=== SUPPLIED RECORDS ===
----------
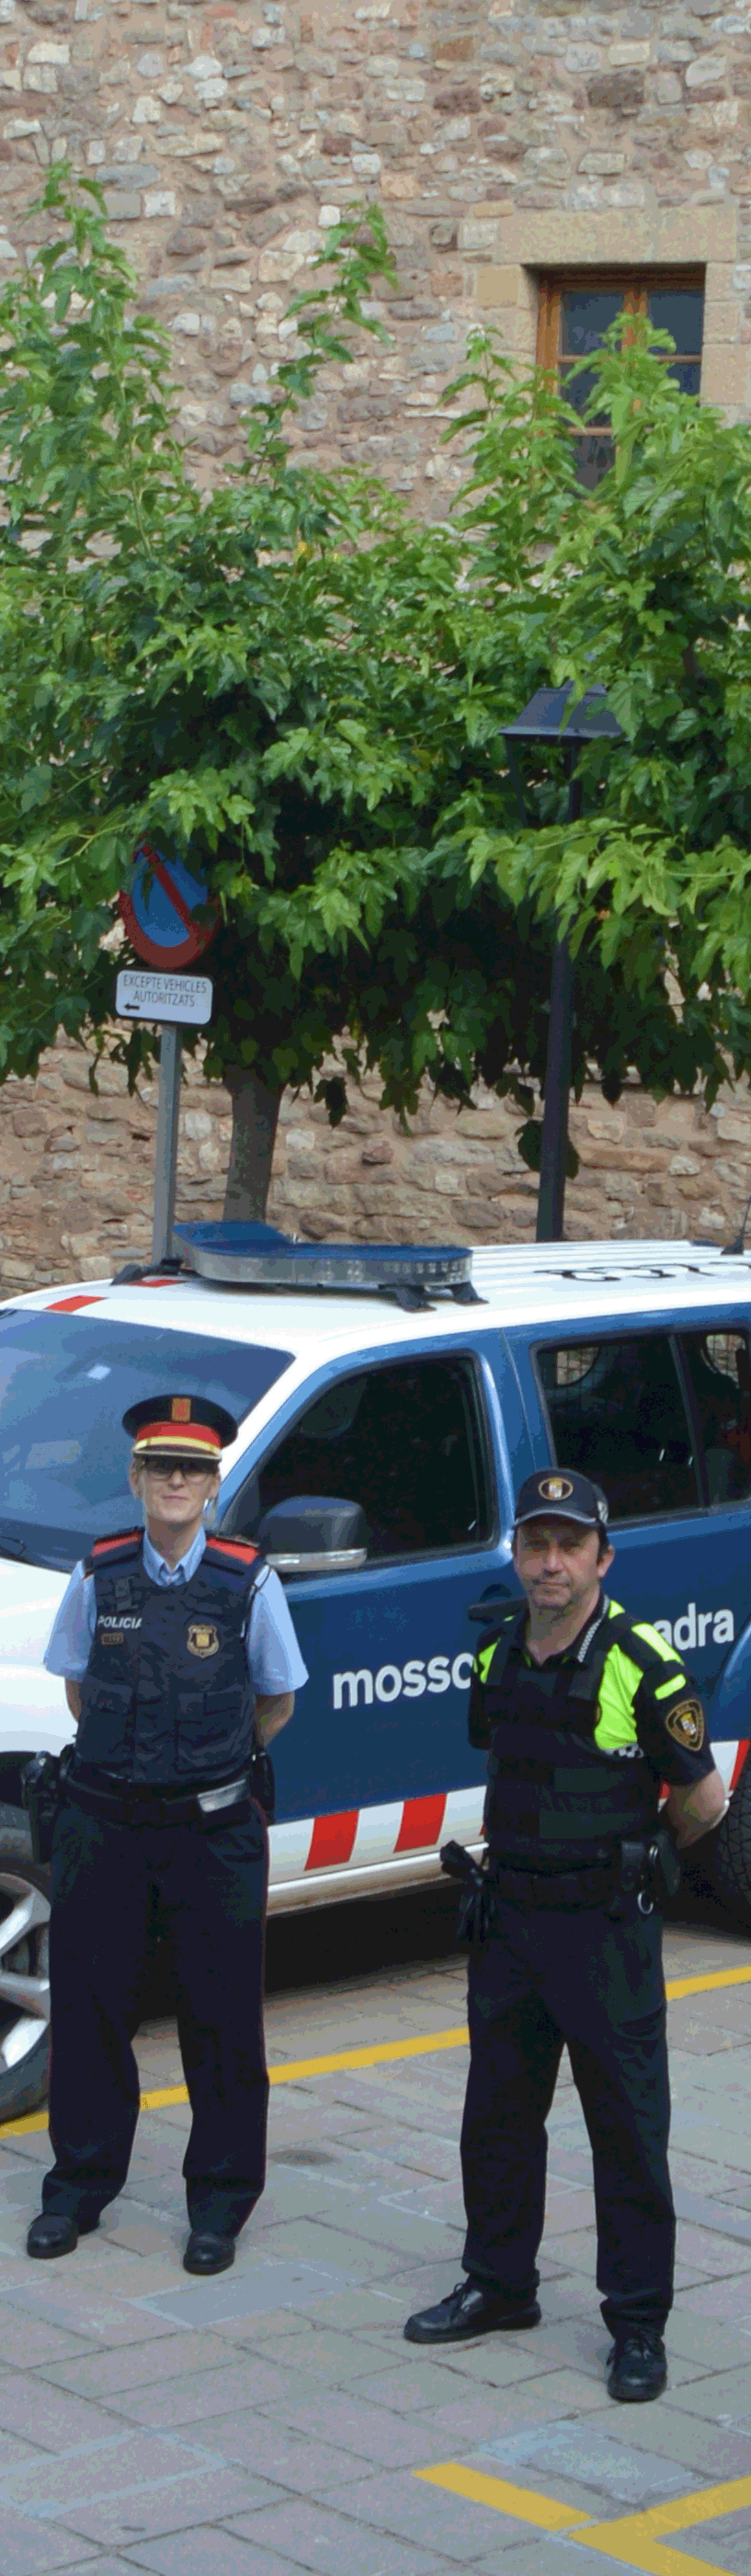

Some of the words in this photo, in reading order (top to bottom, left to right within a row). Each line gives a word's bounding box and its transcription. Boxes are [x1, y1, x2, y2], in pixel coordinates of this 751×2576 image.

[123, 975, 162, 990] EXCEPTE
[164, 978, 207, 994] VEHICLES
[133, 990, 195, 1008] AUTORITZATS
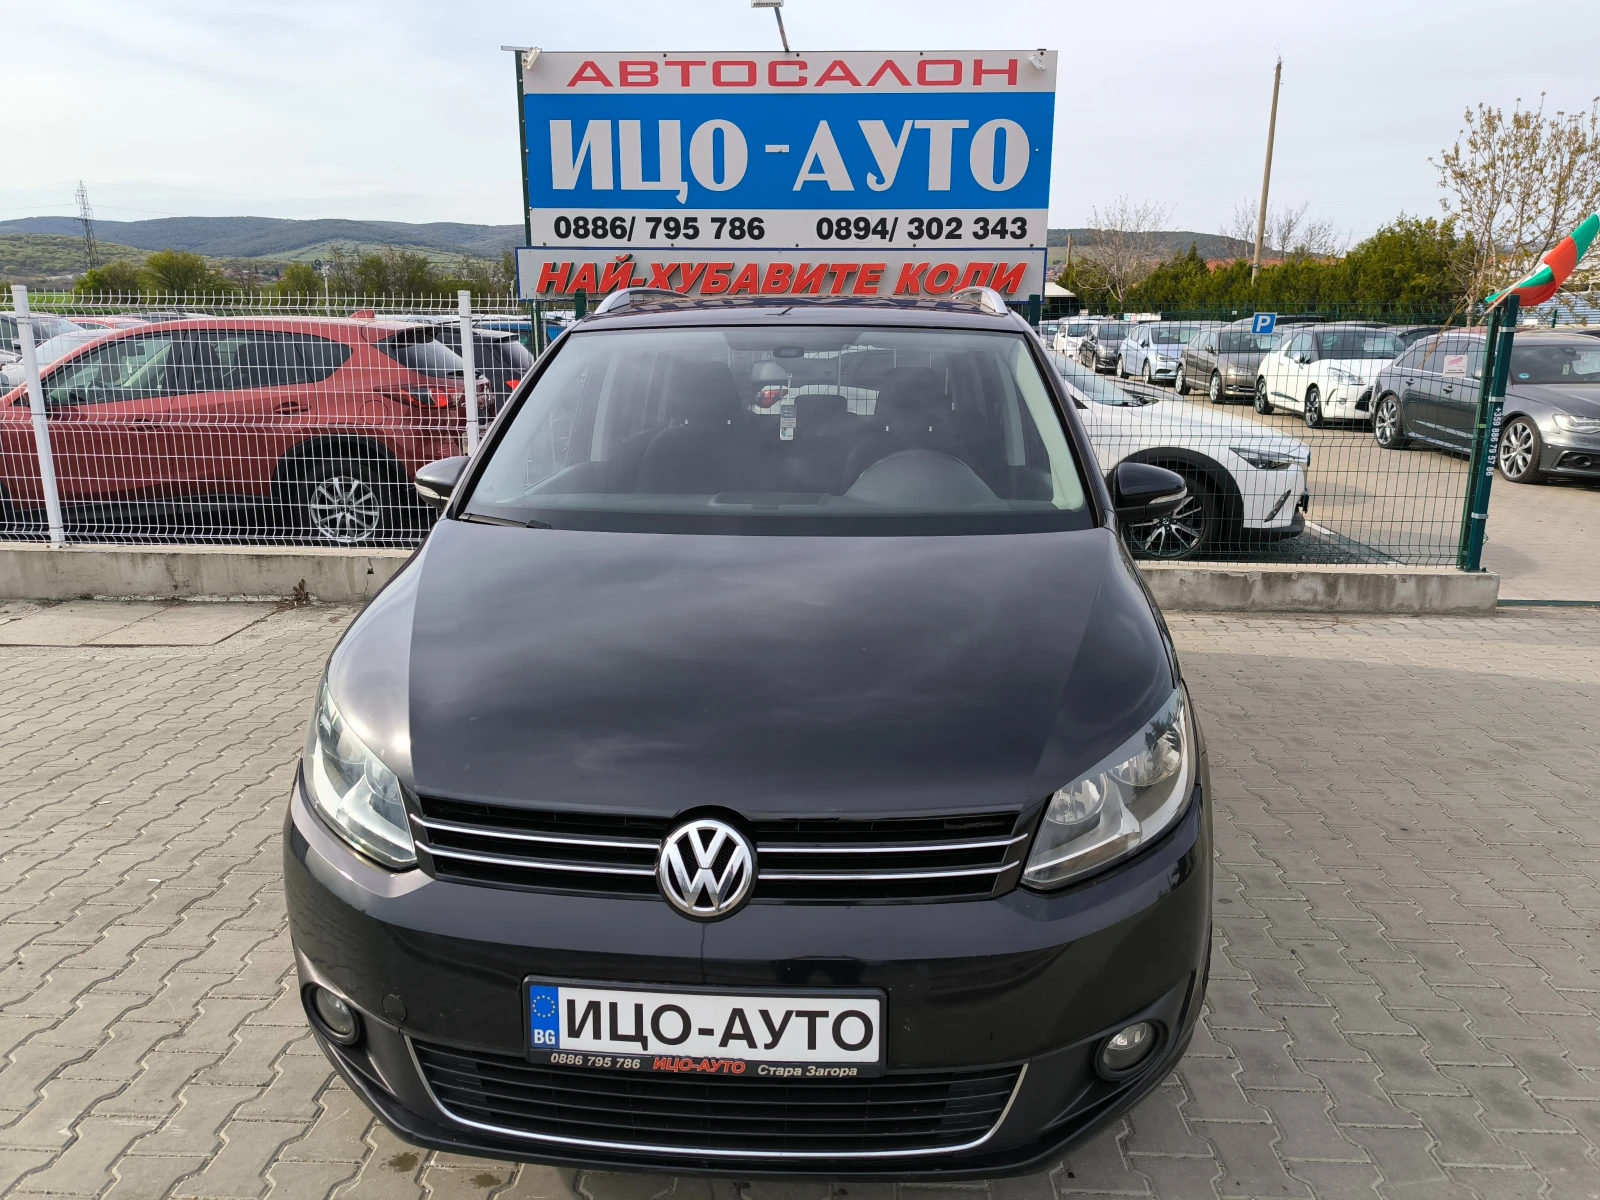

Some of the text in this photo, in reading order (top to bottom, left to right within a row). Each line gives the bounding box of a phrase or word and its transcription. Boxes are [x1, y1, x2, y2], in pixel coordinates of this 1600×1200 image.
----------
=== WHAT THE TASK ASKS ===
Return the full material word for word. Do not include the pictures.

=== THE COMPLETED TASK ===
Some of the words in this photo, in reading order (top to bottom, left to right within a row). Each line gives a word's bounding box and its transcription. Boxes are [x1, y1, x2, y2], in pixel coordinates of this 751×2576 image.

[123, 975, 162, 990] EXCEPTE
[164, 978, 207, 994] VEHICLES
[133, 990, 195, 1008] AUTORITZATS

Some of the text in this photo, in reading order (top to bottom, left to right within a row). Each line gives the bounding box of a phrase or word and its transcription. Boxes are [x1, y1, x2, y2], in pixel coordinates of this 1600×1200 image.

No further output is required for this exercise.